At the station we bid her farewell in moviestar style, Trudi hanging out the window, fans crowded on the platform, much hubbub (just like in any good romantic movie). Here we are, hubbubbing:

Is this when the first train choofed in? Who was there?

Here’s Trudi with her hatbox:

train-station

Except some ringleaders are missing. Where could John and Nick be? At the very far end of the platform talking to the train driver. I get there just in time to hear: “Nooit, meneer, this are not a melktrein, this are ve Orange Express! No stops before Beflehem”.

He reminds me that they say you can’t find three wise men in the Vrystaat. But he does turn out to be wise after some Venning-Leslie persuasion, as he partially relents: “OK, ve bess I can do for yous is I’ll slow down when I pass Rivierdraaistasie“.

Right!

We hop on and soon the train pulls off. John the agile Venning has a case of beer under his one arm and a wicked grin under his one moustache. We make our way to Trudi’s cabin. “What on earth are you guys doing here?” We repeat a very hasty goodbye because already the train is FLYING! I myself am now rather nervous and if it wasn’t for the medicinal value of beer I might have said something sensible. We each take position at a door and watch as the poles whizz past us in a blur. Past the crossing to Swiss Valley where Nick (whose leg was in plaster so he was chosen to drive the getaway car – just like in any good gangster movie) was going to meet us. The railway crossing whizzes past and it feels like we’re accelerating!

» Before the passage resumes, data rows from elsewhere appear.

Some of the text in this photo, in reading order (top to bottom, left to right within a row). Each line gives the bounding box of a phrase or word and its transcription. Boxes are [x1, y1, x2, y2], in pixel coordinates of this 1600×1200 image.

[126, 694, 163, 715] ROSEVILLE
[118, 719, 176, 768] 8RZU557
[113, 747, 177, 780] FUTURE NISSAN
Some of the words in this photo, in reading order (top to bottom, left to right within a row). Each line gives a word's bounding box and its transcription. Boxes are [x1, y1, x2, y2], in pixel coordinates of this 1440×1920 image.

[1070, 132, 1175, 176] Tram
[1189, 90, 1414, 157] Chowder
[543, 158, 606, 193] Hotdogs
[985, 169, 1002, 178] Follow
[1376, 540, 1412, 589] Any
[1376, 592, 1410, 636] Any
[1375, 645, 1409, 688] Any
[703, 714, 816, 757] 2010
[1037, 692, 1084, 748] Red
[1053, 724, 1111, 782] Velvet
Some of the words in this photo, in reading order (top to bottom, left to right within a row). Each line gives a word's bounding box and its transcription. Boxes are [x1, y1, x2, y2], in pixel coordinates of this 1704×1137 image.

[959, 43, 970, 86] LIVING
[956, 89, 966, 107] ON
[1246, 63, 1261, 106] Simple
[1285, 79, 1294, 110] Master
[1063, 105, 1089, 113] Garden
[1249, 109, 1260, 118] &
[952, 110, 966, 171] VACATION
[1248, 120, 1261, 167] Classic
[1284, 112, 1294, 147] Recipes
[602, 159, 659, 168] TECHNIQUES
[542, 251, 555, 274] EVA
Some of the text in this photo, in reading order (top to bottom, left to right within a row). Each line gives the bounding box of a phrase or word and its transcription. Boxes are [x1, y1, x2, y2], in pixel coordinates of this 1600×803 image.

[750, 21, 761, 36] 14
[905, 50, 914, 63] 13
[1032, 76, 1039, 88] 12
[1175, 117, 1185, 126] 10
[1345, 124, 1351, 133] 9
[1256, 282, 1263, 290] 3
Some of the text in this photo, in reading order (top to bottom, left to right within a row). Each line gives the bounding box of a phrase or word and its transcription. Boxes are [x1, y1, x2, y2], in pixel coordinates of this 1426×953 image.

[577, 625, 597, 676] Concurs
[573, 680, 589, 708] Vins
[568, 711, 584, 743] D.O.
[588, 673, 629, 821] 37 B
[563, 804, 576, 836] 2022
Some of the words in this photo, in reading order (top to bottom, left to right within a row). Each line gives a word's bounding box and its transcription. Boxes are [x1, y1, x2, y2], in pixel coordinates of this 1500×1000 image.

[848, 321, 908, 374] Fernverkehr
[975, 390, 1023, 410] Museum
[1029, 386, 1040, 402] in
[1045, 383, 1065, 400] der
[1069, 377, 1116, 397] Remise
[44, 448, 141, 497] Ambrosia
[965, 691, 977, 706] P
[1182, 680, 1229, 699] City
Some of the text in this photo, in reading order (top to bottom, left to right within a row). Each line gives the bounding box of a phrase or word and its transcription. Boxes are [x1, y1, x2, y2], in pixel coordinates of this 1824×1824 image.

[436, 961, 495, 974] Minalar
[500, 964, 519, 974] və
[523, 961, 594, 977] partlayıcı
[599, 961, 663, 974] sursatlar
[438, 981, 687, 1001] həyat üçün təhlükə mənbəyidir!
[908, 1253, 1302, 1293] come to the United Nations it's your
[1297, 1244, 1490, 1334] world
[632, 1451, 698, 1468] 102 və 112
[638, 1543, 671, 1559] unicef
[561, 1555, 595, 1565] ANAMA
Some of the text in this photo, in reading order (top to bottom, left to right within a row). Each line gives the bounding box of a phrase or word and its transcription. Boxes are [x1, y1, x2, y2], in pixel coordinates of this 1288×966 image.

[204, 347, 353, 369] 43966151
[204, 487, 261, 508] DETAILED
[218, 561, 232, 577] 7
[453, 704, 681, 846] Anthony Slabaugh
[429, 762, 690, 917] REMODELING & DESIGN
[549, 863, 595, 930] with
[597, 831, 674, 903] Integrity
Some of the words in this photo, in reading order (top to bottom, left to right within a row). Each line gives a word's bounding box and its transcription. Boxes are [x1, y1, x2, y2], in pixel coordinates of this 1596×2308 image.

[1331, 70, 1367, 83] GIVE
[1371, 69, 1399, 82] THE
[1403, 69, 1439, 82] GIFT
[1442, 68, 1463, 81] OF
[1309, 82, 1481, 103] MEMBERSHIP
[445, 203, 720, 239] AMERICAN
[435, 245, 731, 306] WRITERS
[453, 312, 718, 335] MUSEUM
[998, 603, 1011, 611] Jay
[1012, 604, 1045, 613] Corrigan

Suddenly a decrease in speed and, peering forward, some lights in the dark. Get ready to jump. Arse over kettle each one of us hits the ground and tumbles. I almost stayed on my feet but then had to duck for the big sign RIVIERDRAAISTASIE one word. But one man didn’t fall: He who held the case of beers kept it together! We ran back up the track into the dark as a man came stumbling out of the stasie kantoor, lantern held aloft (just like in any good Orient Express movie).

When we gathered, a sober head prevailed. “Boys, we can’t go! We can’t ‘drop’ the train driver. The stasiemeester will have to put in a report and our man will get into trouble. We have to go and talk to the stasiemeester”.

So a delegation is sent back to the stasie and some of us sit in the veld awaiting their return. And we wait and await.

Eventually – just when we think maybe they’ve gone to jail – they return, much merrier and cleverer than when they left. Apparently as they started to say Naand Meneer the oke said: “That’s the BEST thing that’s happened to me in all my years at Rivierdraai Stasie!” and insisted they sit and join him for a dop, pulling a bottle of brandy from his desk drawer (just like in any good cowboy movie).